Dr. Traver Hart
The University of Texas MD Anderson Cancer Center
Department of Bioinformatics and Computational Biology
The Hart Lab at MD Anderson studies the functional genomics of cancer using a combination of high-throughput experiments and integrated computational analysis. We start with the principle of synthetic lethality, where a genomic modification to one gene (through mutation, copy number change, or silencing) causes cells to be dependent on other genes and pathways. We perform systematic, genome-scale gene knockout screens using the CRISPR-Cas9 system [Hart et al, Cell, 2015] in cancer cell lines and analyze them using BAGEL, a state-of-the-art algorithm developed in the lab [Hart et al, BMC Bioinformatics, 2016]. Finally, we integrate our analyses with other molecular data profiling the DNA, RNA, protein, and metabolic state of the cells. While in the short term we seek to match tumors with effective drugs, and to identify new drug targets where current drugs are lacking, our long-term goal is a deeper understanding of the coincident sets of biological process that cancer cells rely on for growth and metastasis, and ultimately a predictive model of response to therapies that eliminates tumors while anticipating and preventing acquired resistance.
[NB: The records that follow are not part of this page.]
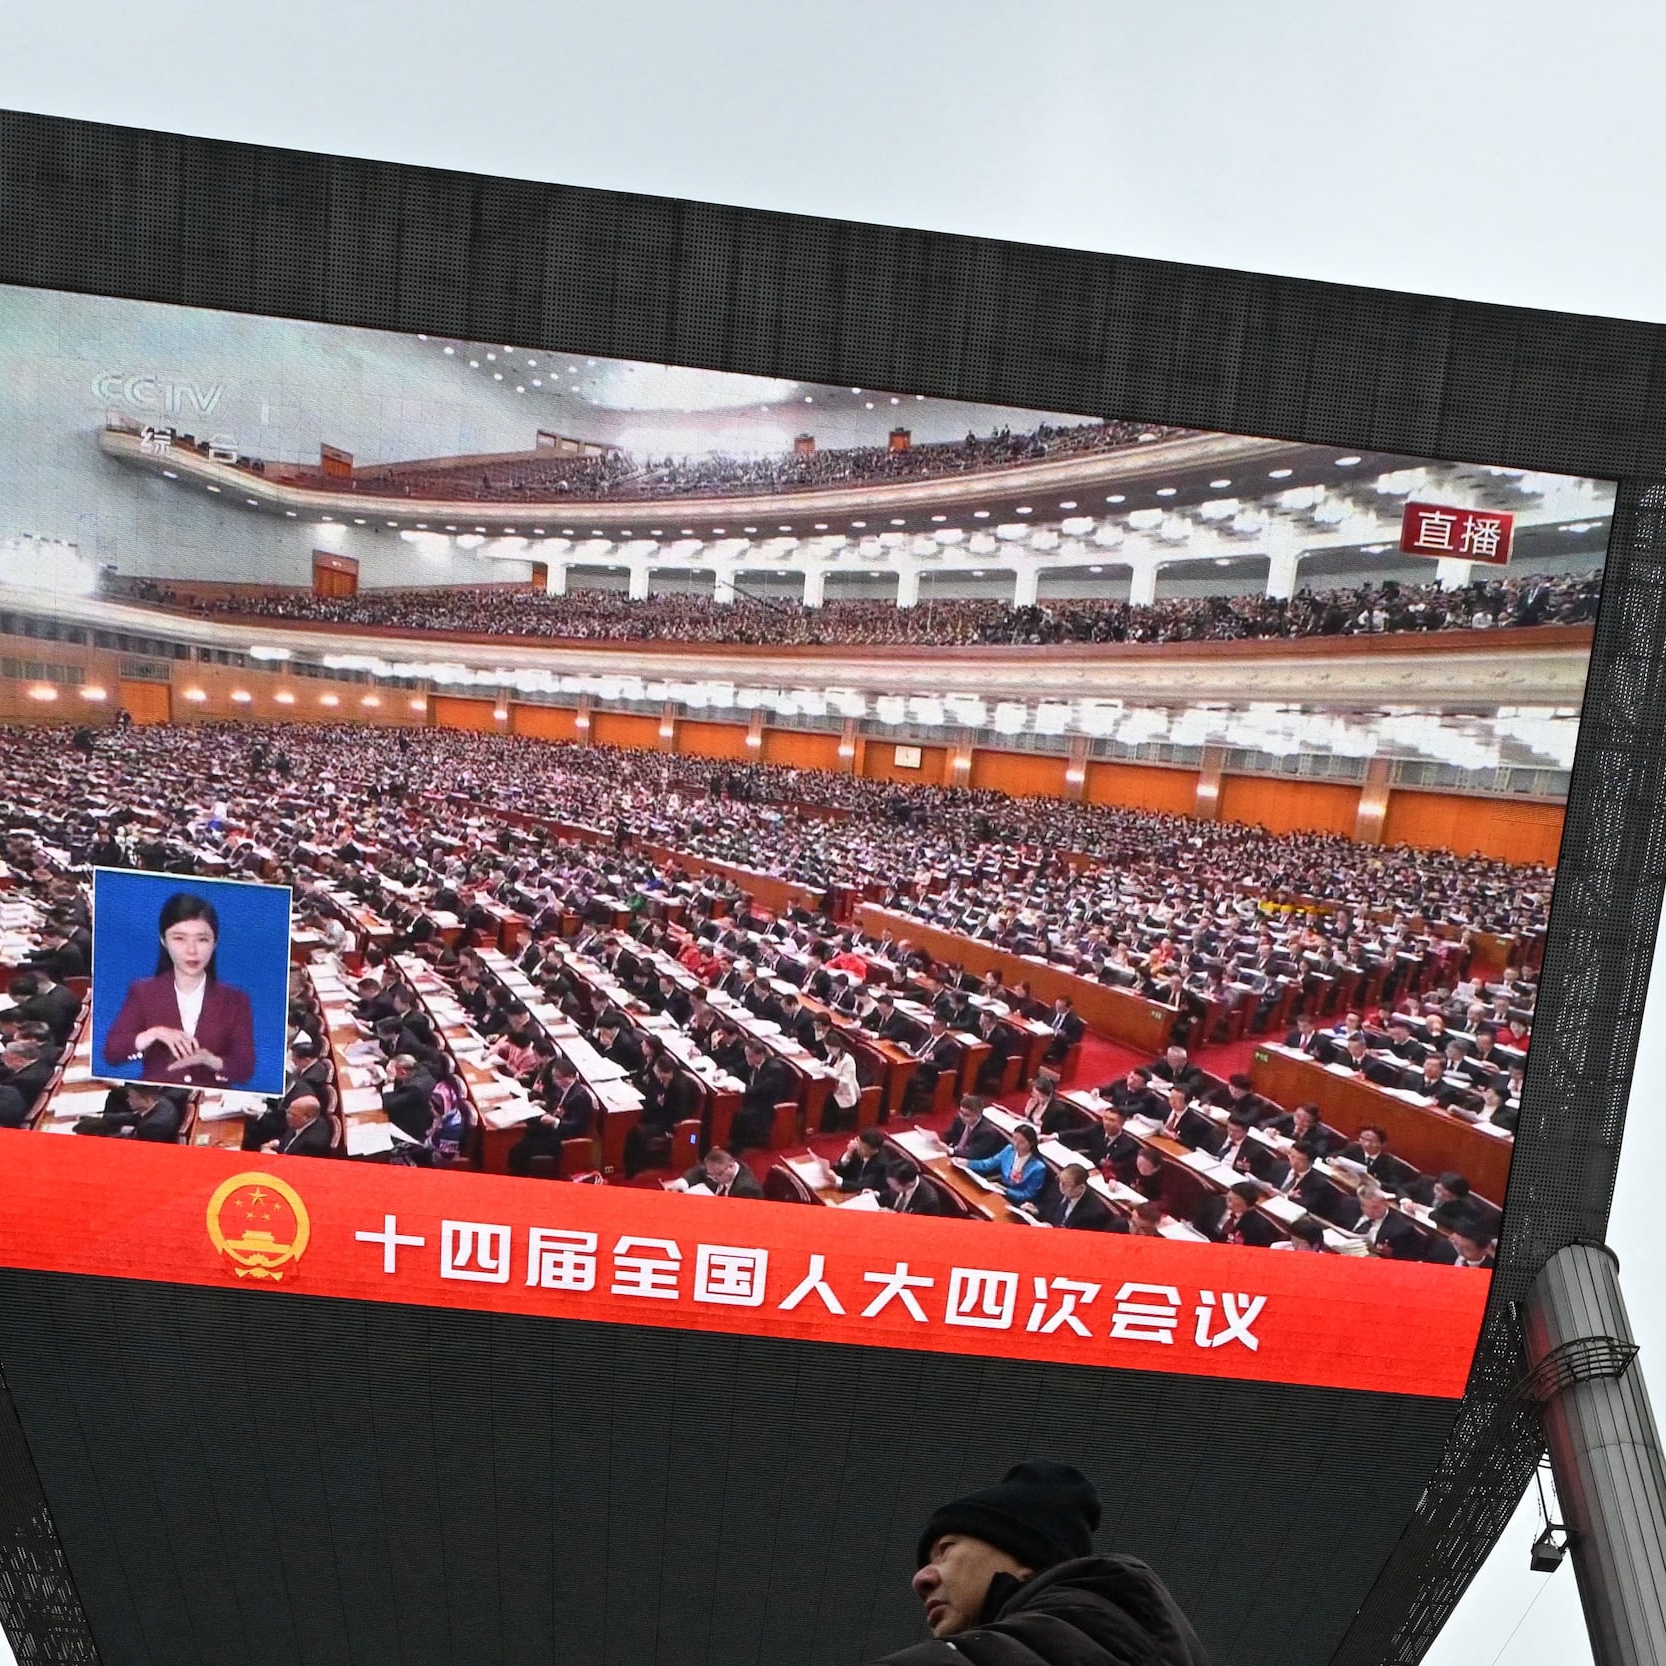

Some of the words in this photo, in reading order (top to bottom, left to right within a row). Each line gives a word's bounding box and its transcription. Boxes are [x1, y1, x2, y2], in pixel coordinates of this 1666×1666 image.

[90, 370, 228, 419] CCTV
[1413, 510, 1501, 557] 直播
[354, 1214, 1268, 1352] 十四届全国人大四次会议
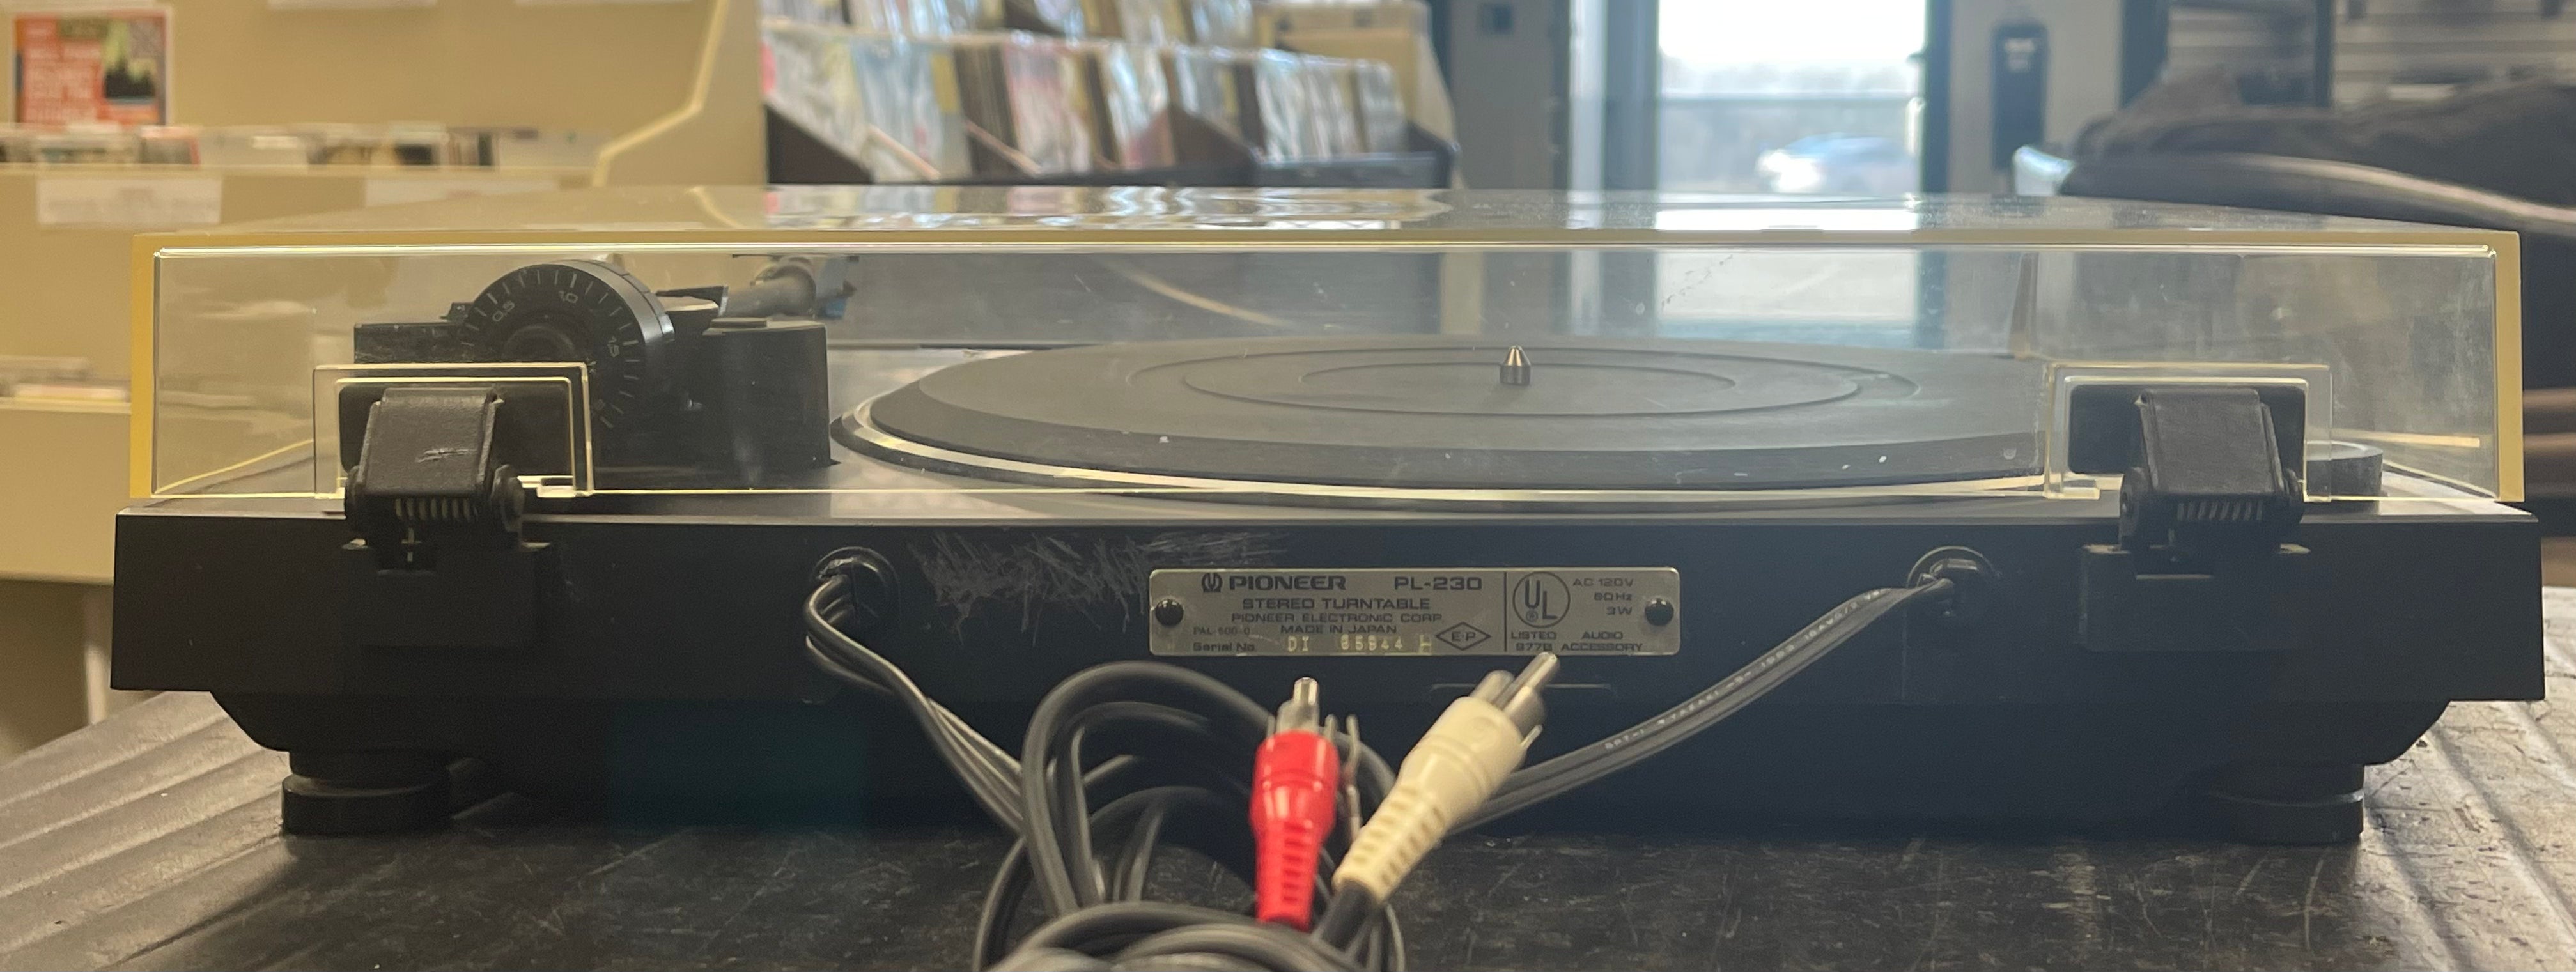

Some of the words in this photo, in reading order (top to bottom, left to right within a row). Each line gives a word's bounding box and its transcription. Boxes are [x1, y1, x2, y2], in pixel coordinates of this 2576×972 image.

[1229, 576, 1346, 590] PIONEER
[1395, 576, 1482, 590] PL-230
[1572, 578, 1594, 587] AC
[1599, 578, 1634, 587] 120V
[1243, 598, 1314, 609] STEREO
[1321, 598, 1430, 609] TURNTABLE
[1232, 613, 1294, 622] PIONEER
[1302, 613, 1392, 622] ELECTRONIC
[1280, 624, 1323, 633] MADE
[1330, 624, 1342, 633] IN
[1348, 624, 1397, 633] JAPAN
[1193, 642, 1232, 651] Serial
[1562, 643, 1643, 651] ACCESSORY
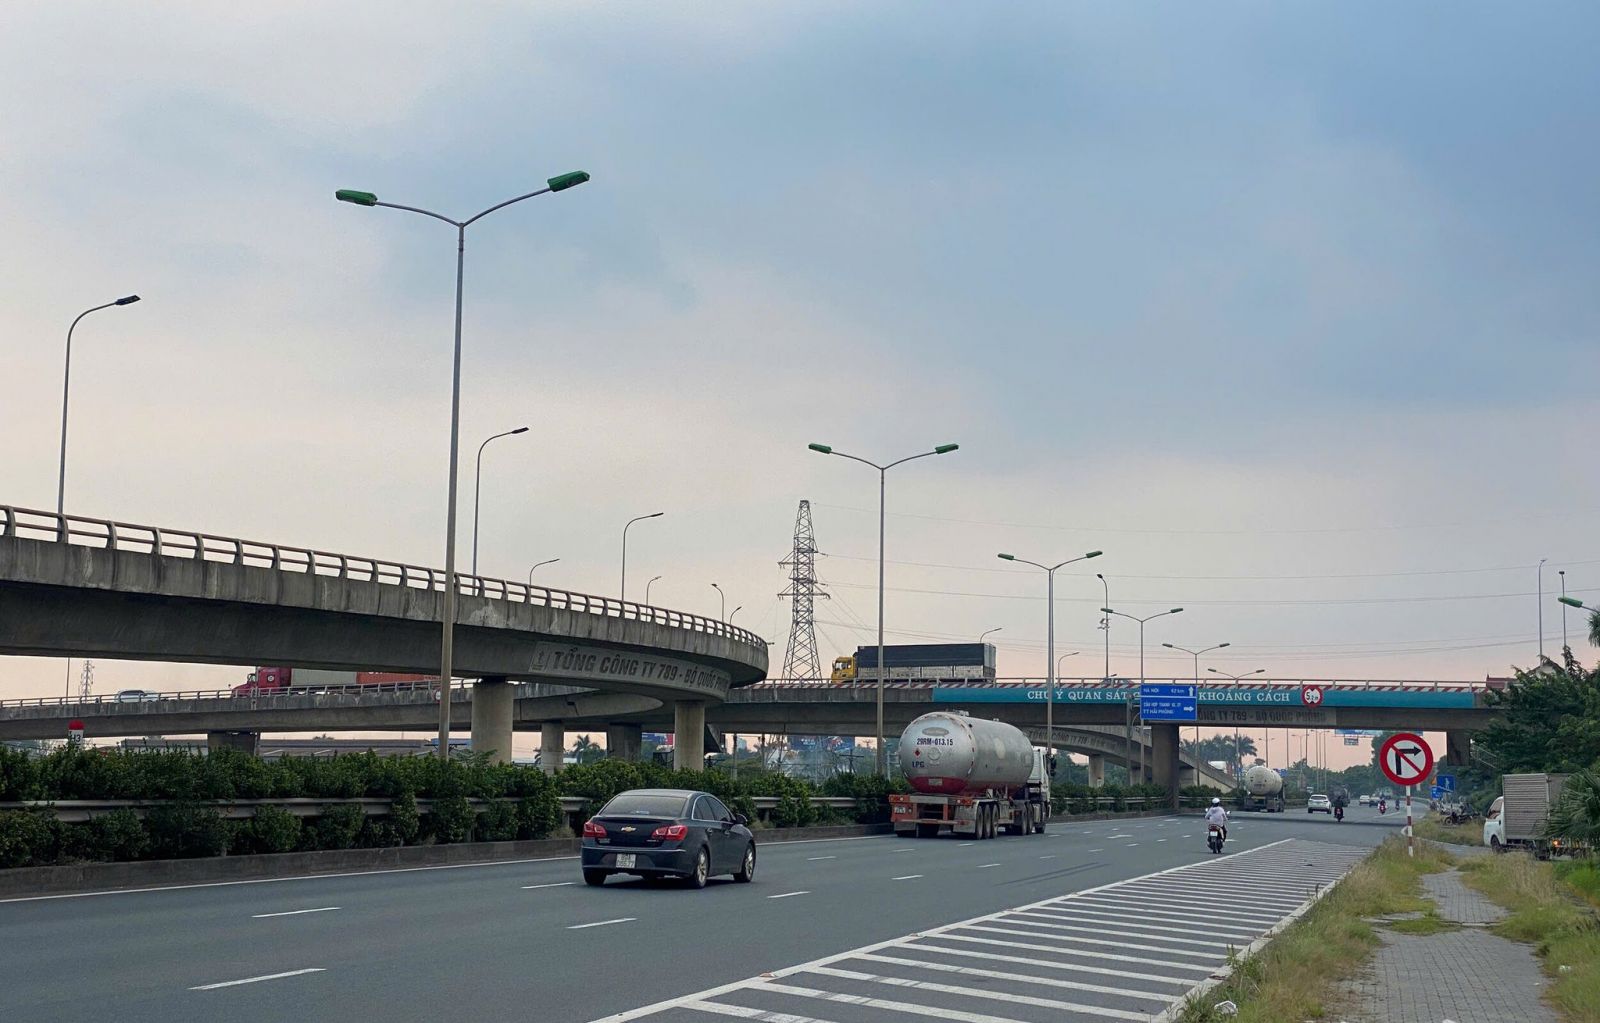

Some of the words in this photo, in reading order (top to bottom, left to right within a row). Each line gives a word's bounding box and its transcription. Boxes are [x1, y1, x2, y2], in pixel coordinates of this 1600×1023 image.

Within the framework of these overarching goals, a wide array of tutorial projects are possible. Computational projects could include reanalysis of existing data to improve our ability to detect gene-gene and gene-drug interactions, enhancing the BAGEL algorithm to include other molecular data such as gene expression and copy number, or helping evolve BAGEL from a gene-centric to a pathway-centric model. Experimental tutorials could involve any aspect of a CRISPR genomic screen, from lentiviral library construction to large-scale tissue culture, screening, and sequencing, and ultimately to validation and characterization of specific targets using small molecule inhibitors, automated microscopy, and other proteomic and phenotypic assays.